As questions go, it’s a short but explosive doozy: What if? In entertainment its produced a number of alternative WWII histories (including the current Amazon smash Man in the High Castle) and about as many re-imaginings of JFK's 1963 assassination.

Moth Theatre's
Children of Camelot is the latest take, imagining what would have happened if Kennedy's assassin Lee Harvey Oswald survived to stand trial and to tell his side of the story. The idea came to first-time playwright Nakisa Aschtiani in 2007, well before the 50th anniversary in 2013 brought another stream of programs and books. “I was watching a program about the JFK assassination on the History Channel and I noticed how everyone called Oswald the killer even though he never stood trial, and I thought that someone should write about it,” she says.

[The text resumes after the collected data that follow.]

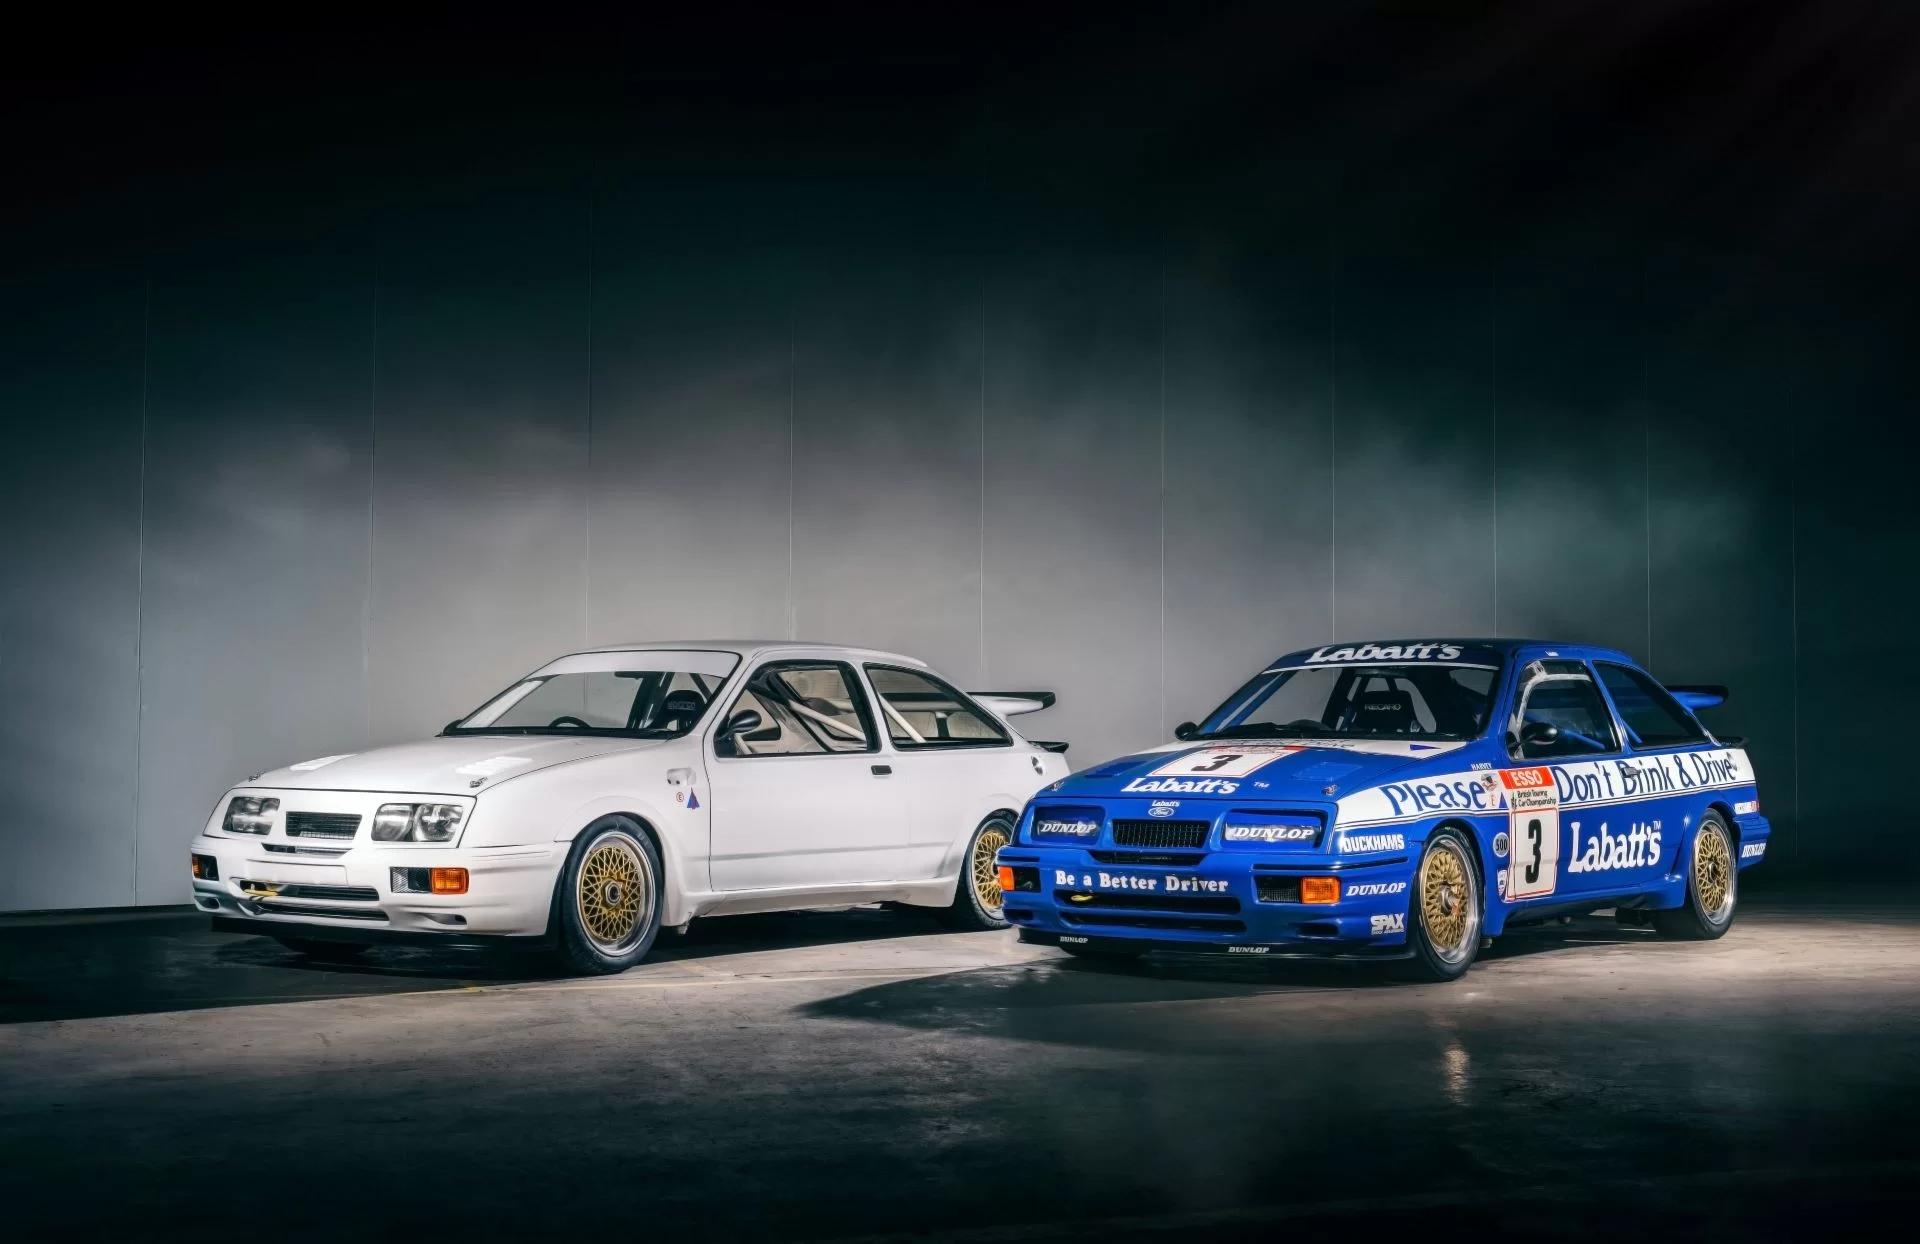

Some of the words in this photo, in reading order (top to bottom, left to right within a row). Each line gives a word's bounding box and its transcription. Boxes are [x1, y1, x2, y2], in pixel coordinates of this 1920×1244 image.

[1305, 643, 1464, 663] Labatt's
[1364, 703, 1402, 711] RECARO
[1190, 754, 1243, 772] 3
[1121, 777, 1240, 794] Labatt's
[1511, 769, 1543, 787] ESSO
[1551, 760, 1614, 802] Don't
[1674, 754, 1696, 788] &
[1690, 752, 1737, 785] Drive
[1152, 800, 1180, 808] Labatt's
[1379, 781, 1486, 816] Please
[1040, 822, 1097, 834] DUNLOP
[1233, 827, 1315, 839] DUNLOP
[1341, 834, 1405, 852] DUCKHAMS
[1525, 819, 1542, 884] 3
[1568, 821, 1662, 873] Labatt's
[1056, 870, 1075, 886] Be
[1083, 874, 1092, 887] a
[1099, 872, 1157, 890] Better
[1165, 875, 1229, 892] Driver
[1346, 882, 1407, 896] DUNLOP
[1370, 912, 1405, 931] SPAX
[1059, 935, 1089, 944] DUNLOP
[1227, 945, 1270, 953] DUNLOP

In 2009 Aschtiani started writing scenes longhand and began typing the script when her then-boyfriend bought a laptop. The show, which premiered to a full house on (naturally) November 22, is the culmination of nearly a dozen drafts and two years of workshops.

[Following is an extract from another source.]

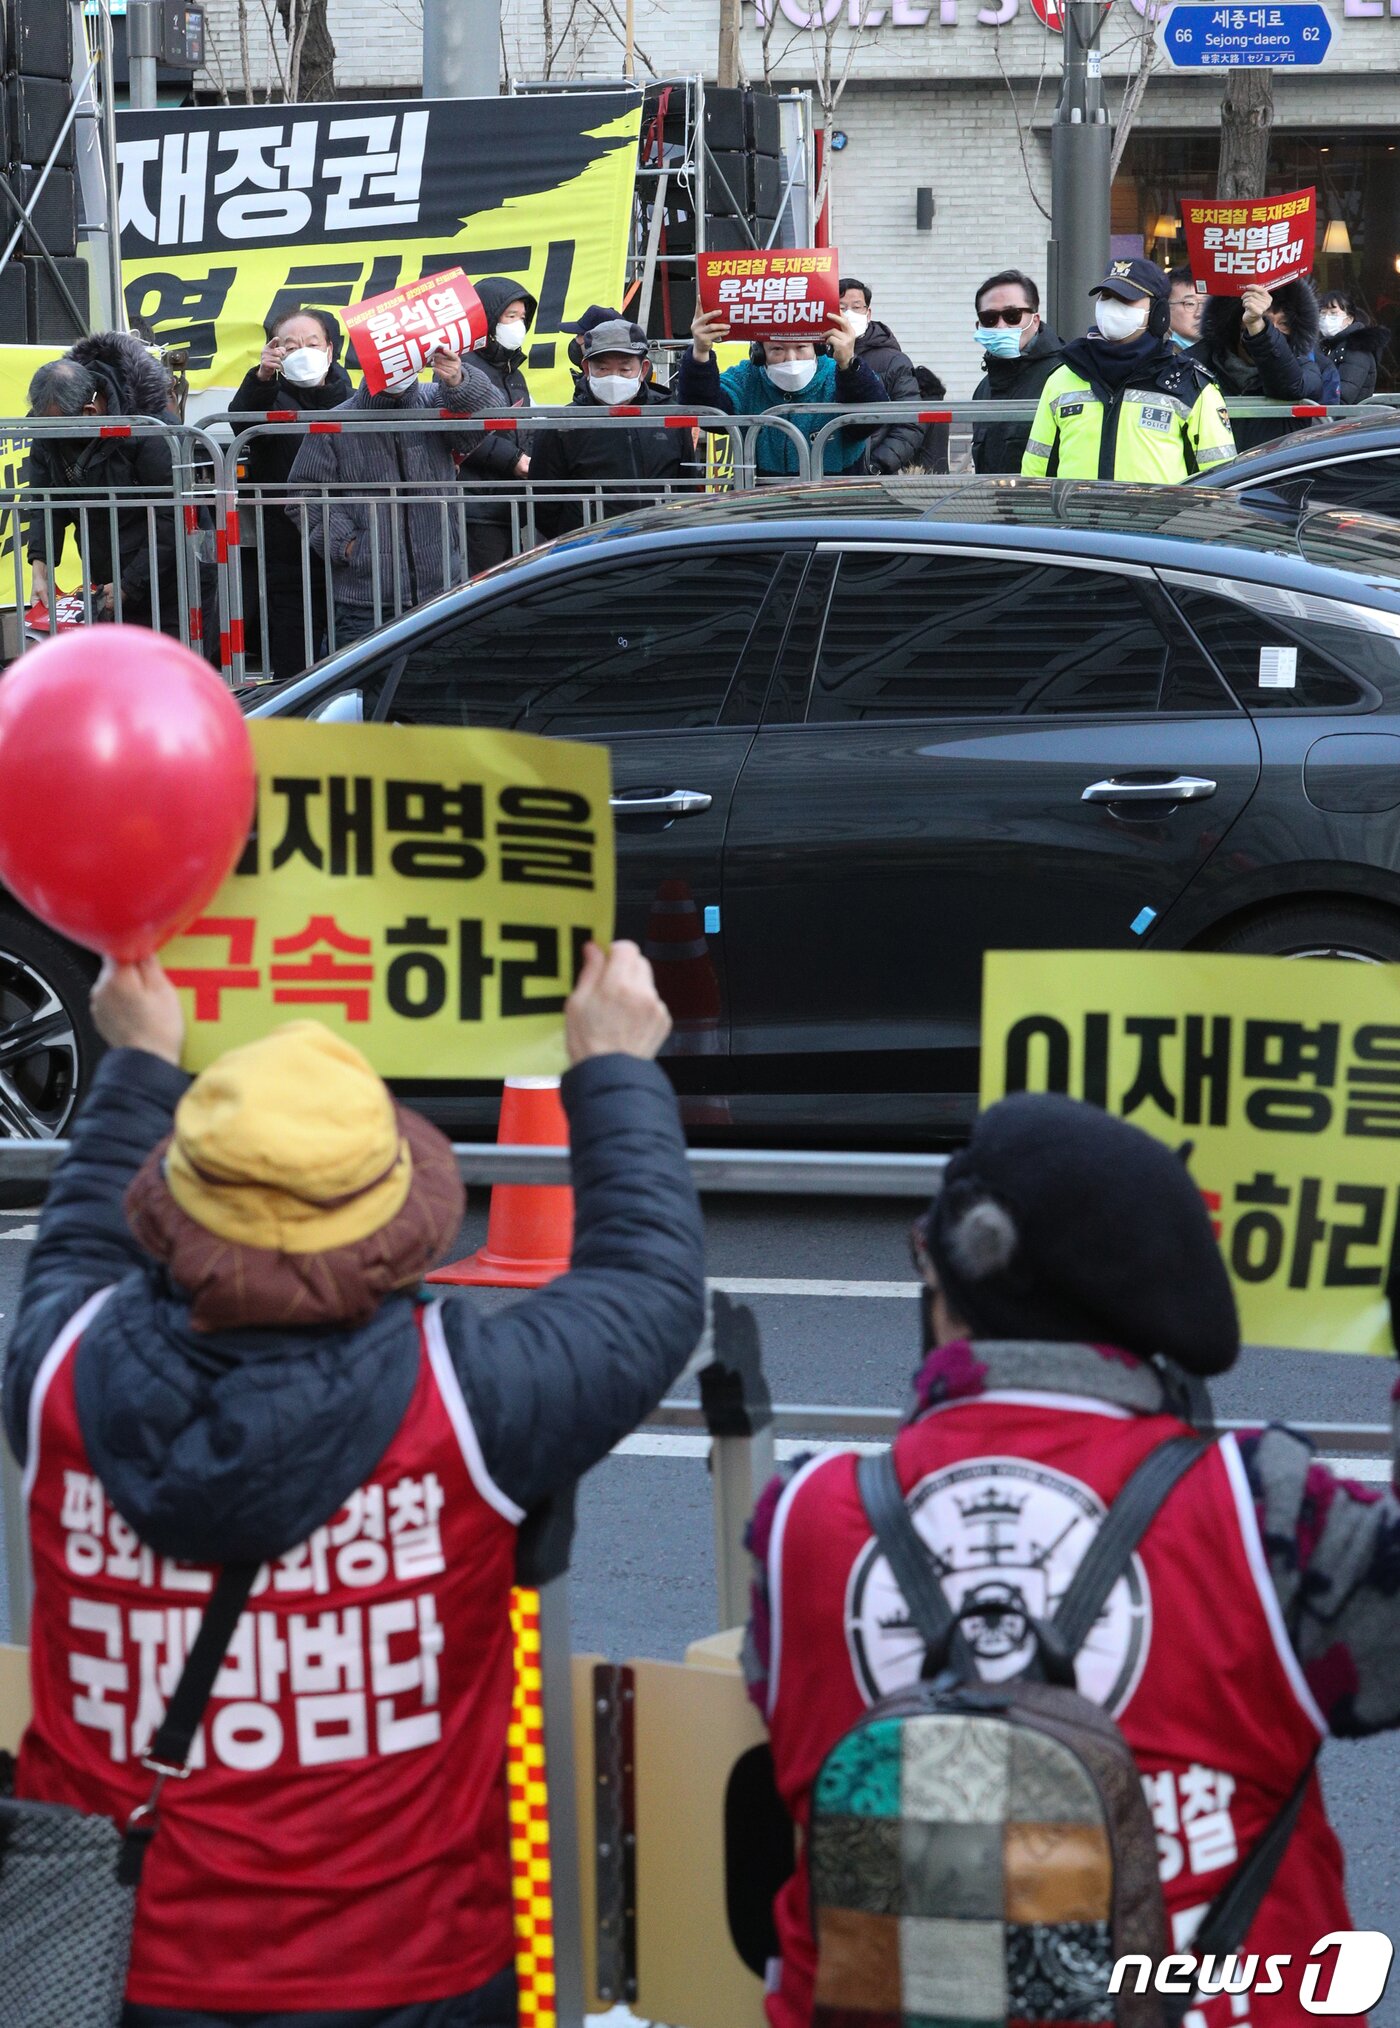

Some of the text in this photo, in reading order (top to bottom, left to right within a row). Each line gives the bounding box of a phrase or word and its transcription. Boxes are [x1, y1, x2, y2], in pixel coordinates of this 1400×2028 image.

Aschtiani, 35, an in-house banker at a real estate investment firm based in Palms by day, recalls how her mother, who a teenager at the time of the Kennedy assassination, told her she was affected by that day. “She was born and bought up in Iran — not really a country that was friendly to the USA — yet she said everyone there loved him. Her best friend even had a picture of JFK in her school locker, and was devastated when he was killed.”

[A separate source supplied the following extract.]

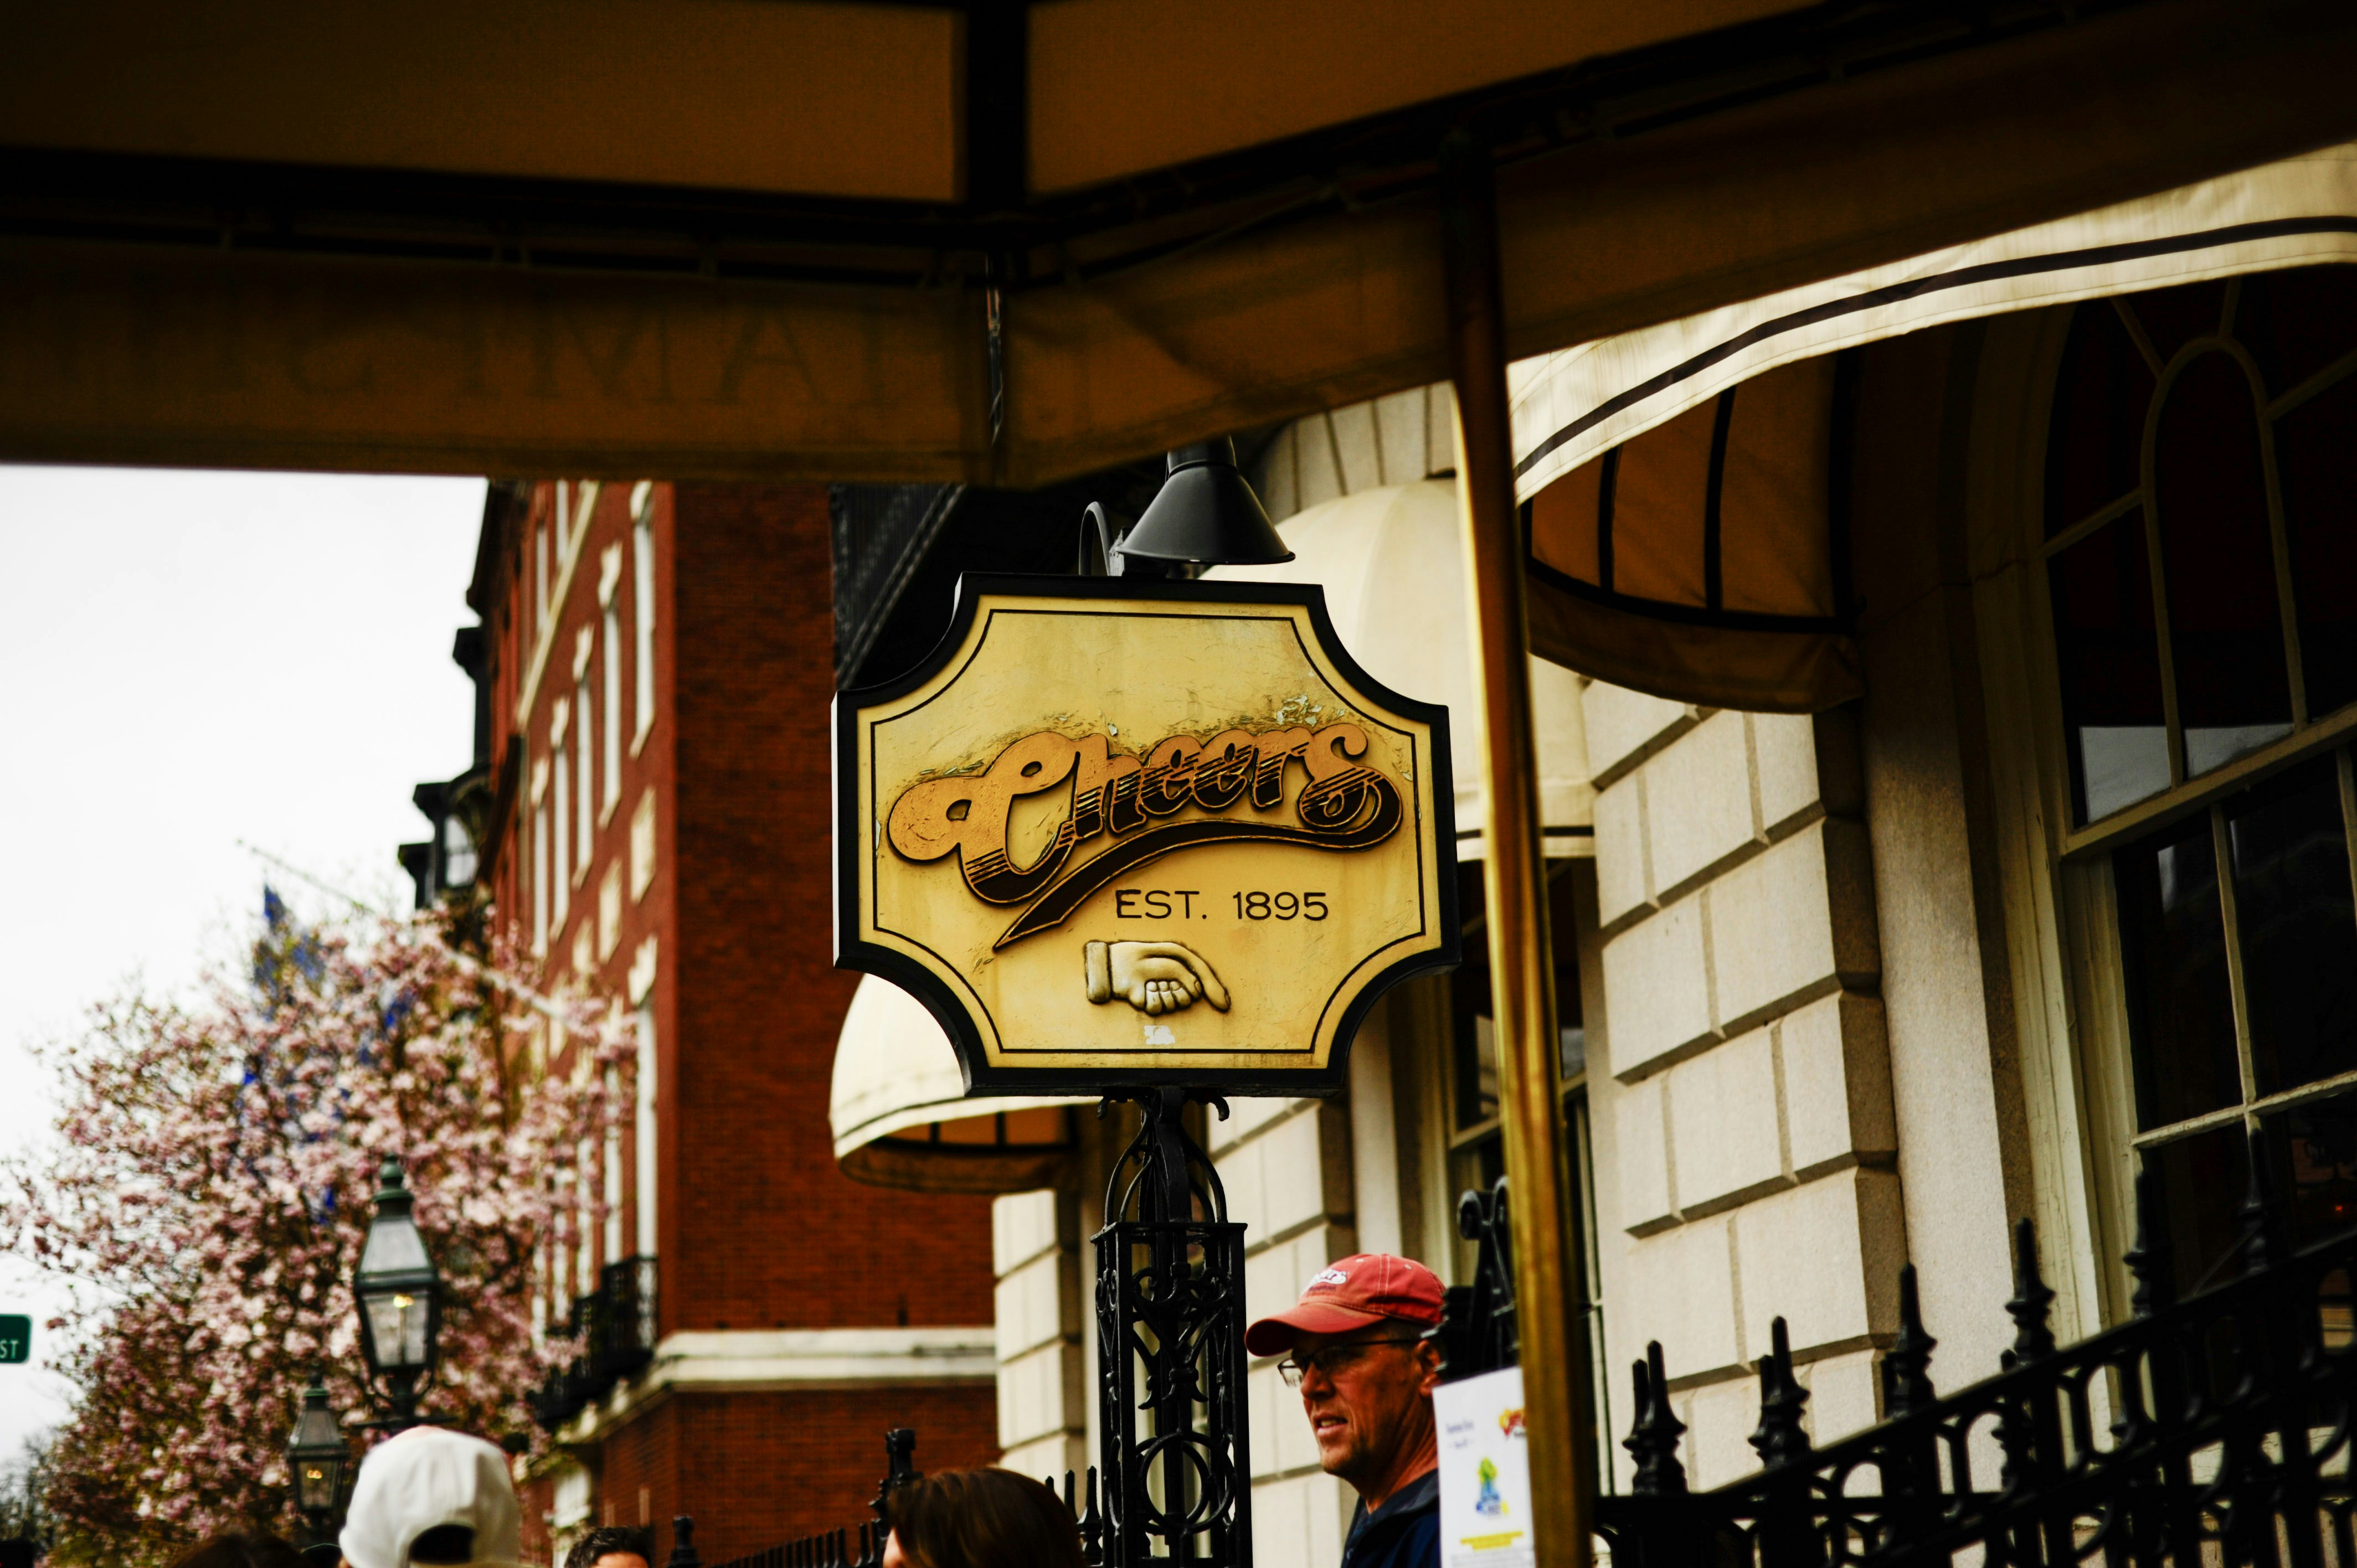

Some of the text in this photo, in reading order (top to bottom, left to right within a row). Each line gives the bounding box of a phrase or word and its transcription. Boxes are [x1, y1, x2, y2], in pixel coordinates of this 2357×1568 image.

[888, 723, 1403, 951] Cheers
[1115, 889, 1329, 921] EST. 1895
[0, 1339, 19, 1359] ST

In the play Oswald (Jeremy Krasovic) survives the Jack Ruby shooting, and only Mark Lane (Jeff Cheezum), a friend of Kennedy determined to either verify Oswald's or bring the real killer to justice, will act as his lawyer. We see the fallout of Oswald's imprisonment and the effect is has on others including Jackie Kennedy (Heather Lynn Smith) and Oswald’s Russian wife Marina (Nomi Abadi).

“It’s more character driven than politically driven,” says Aschtiani, who also directs. “Ruby said he shot [Oswald] to spare Jackie the agony of a trial, so I thought, ‘Let’s put Jackie through a trial.’ We never heard much about Marina, Bobby or her in that way, yet here in this play we meet them.”

With mountains of material available to research, Aschtiani was determined to do more than simply relay what people could already read about. “I’d start at point A and soon be at point X anyway, so I had to stop, and pick and choose. For Jackie though I did read a couple of autobiographies and biographies, sometimes just stopping at a random page.” The play features quotes from the official police investigation read as narration from off stage, as well as specifics and quotes embedded in the dialogue: “I call them the ‘Easter eggs,’” Aschtiani says.

The cast of Children of Camelot; Credit: Courtesy Nakisa Aschtiani

The cast of Children of Camelot; Credit: Courtesy Nakisa Aschtiani

As for the cast members — none of whom was alive back in 1963 — Aschtiani warned them that the audience would come in with preconceptions about how the characters should behave. She coached them to respect that, “but to also remember that [the characters are] real people in extraordinary circumstances and fully in the public eye. We should get to know them better as a result of this, because they all suffer a common thread of tragedy, like all of us have at some time.”

Aschtiani says audiences have been split on what conclusions they draw after seeing the play. “When we did a stage reading a year ago, we spoke to the audience afterward. One lady was adamant he was guilty, and quite angry about what she had seen. But then the cast and I reminded her that she didn’t know him, and all we know was what the media allowed you to see. When we took a vote, the audience was split down the middle — a hung jury.”


Moth Theatre, 4359 Melrose Ave., East Hollywood; Thu.-Sun. through Dec. 20; $15, $12 for students. moththeatre.com.